Stored items
━━━━━━━━━━━━━━━━━━━━

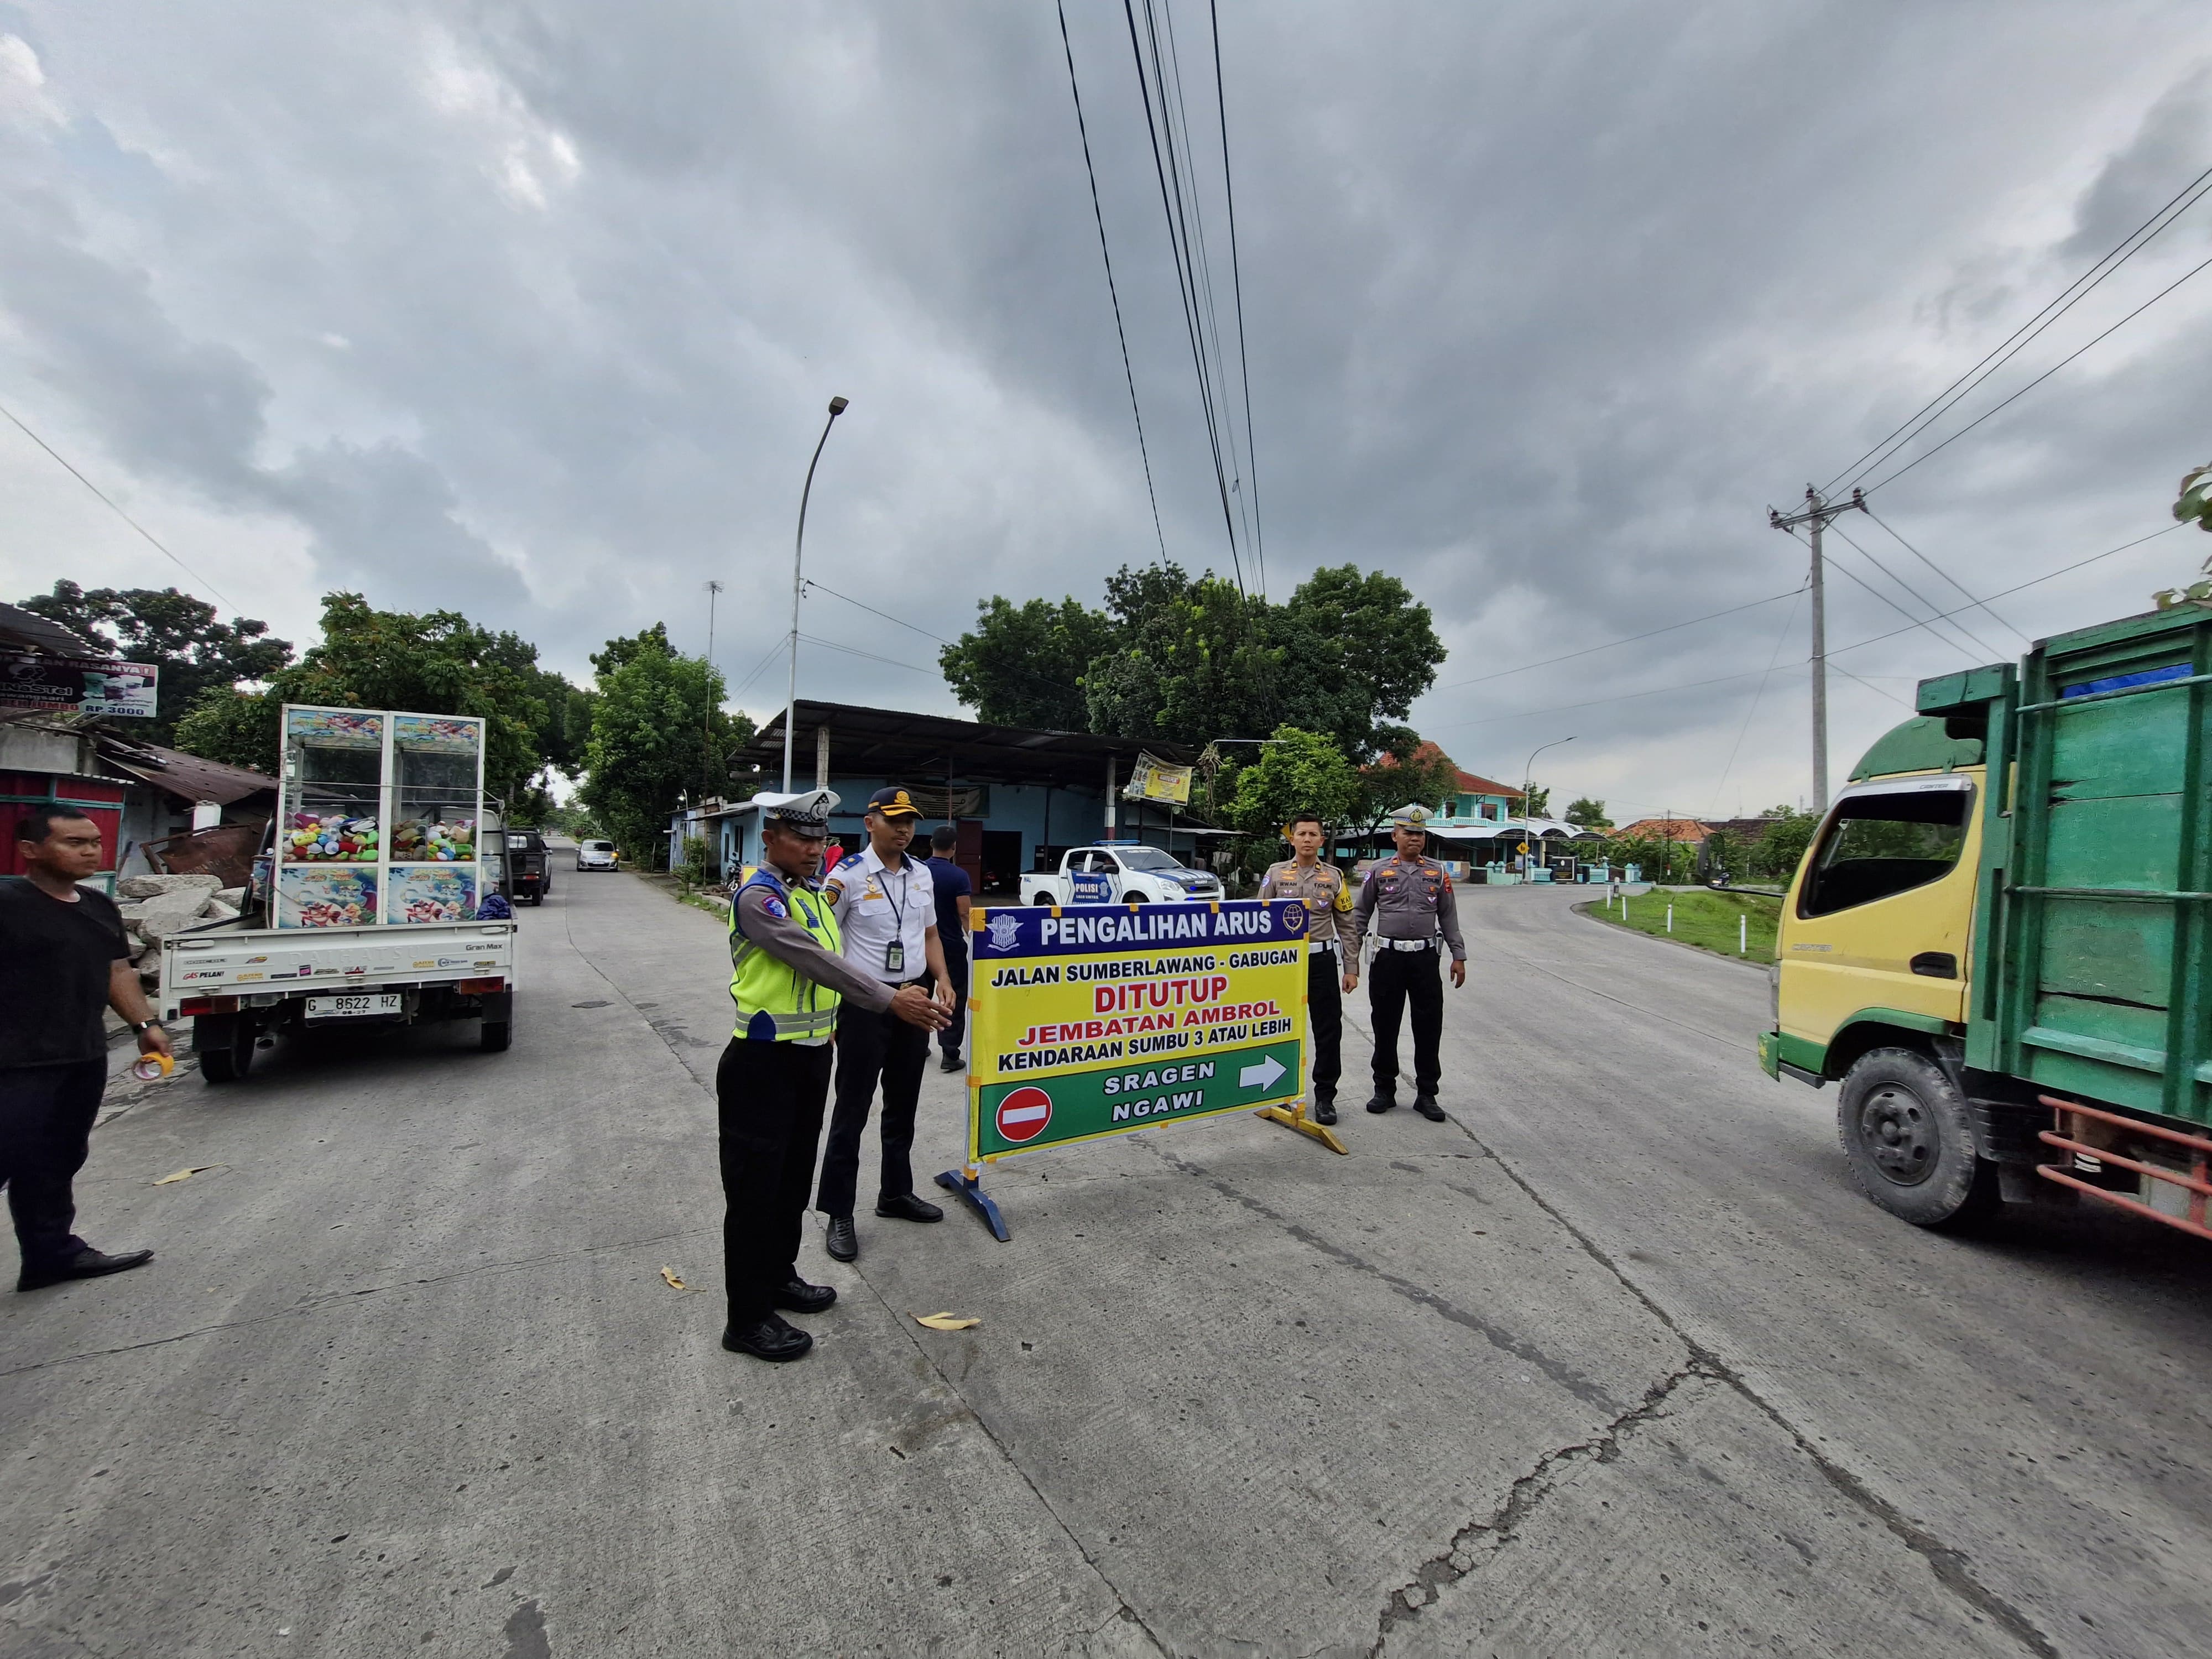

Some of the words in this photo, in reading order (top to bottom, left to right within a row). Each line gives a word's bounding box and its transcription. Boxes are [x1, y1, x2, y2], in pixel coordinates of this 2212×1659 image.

[68, 661, 141, 674] RASANYA
[31, 701, 79, 711] JUMBO
[108, 707, 144, 716] 3000
[1076, 883, 1098, 893] POLISI
[1041, 913, 1207, 945] PENGALIHAN
[1214, 910, 1271, 936] ARUS
[288, 946, 420, 966] DAIHATSU
[991, 966, 1060, 987] JALAN
[1066, 956, 1215, 982] SUMBERLAWANG
[1229, 949, 1297, 968] GABUGAN
[308, 999, 316, 1011] G
[336, 997, 371, 1010] 8622
[381, 995, 398, 1008] HZ
[1095, 976, 1227, 1013] DITUTUP
[1018, 1013, 1174, 1046] JEMBATAN
[1183, 1001, 1280, 1026] AMBROL
[998, 1041, 1123, 1071] KENDARAAN
[1128, 1032, 1188, 1055] SUMBU
[1194, 1030, 1203, 1045] 3
[1208, 1025, 1247, 1044] ATAU
[1251, 1018, 1291, 1037] LEBIH
[1104, 1061, 1215, 1094] SRAGEN
[1113, 1090, 1203, 1121] NGAWI

━━━━━━━━━━━━━━━━━━━━

_Aim of the exercise_:
Line for line, restate the data above and omit every picture.

_Solution_:
Some of the words in this photo, in reading order (top to bottom, left to right within a row). Each line gives a word's bounding box and its transcription. Boxes are [x1, y1, x2, y2], in pixel coordinates of this 2212×1659 image.

[68, 661, 141, 674] RASANYA
[31, 701, 79, 711] JUMBO
[108, 707, 144, 716] 3000
[1076, 883, 1098, 893] POLISI
[1041, 913, 1207, 945] PENGALIHAN
[1214, 910, 1271, 936] ARUS
[288, 946, 420, 966] DAIHATSU
[991, 966, 1060, 987] JALAN
[1066, 956, 1215, 982] SUMBERLAWANG
[1229, 949, 1297, 968] GABUGAN
[308, 999, 316, 1011] G
[336, 997, 371, 1010] 8622
[381, 995, 398, 1008] HZ
[1095, 976, 1227, 1013] DITUTUP
[1018, 1013, 1174, 1046] JEMBATAN
[1183, 1001, 1280, 1026] AMBROL
[998, 1041, 1123, 1071] KENDARAAN
[1128, 1032, 1188, 1055] SUMBU
[1194, 1030, 1203, 1045] 3
[1208, 1025, 1247, 1044] ATAU
[1251, 1018, 1291, 1037] LEBIH
[1104, 1061, 1215, 1094] SRAGEN
[1113, 1090, 1203, 1121] NGAWI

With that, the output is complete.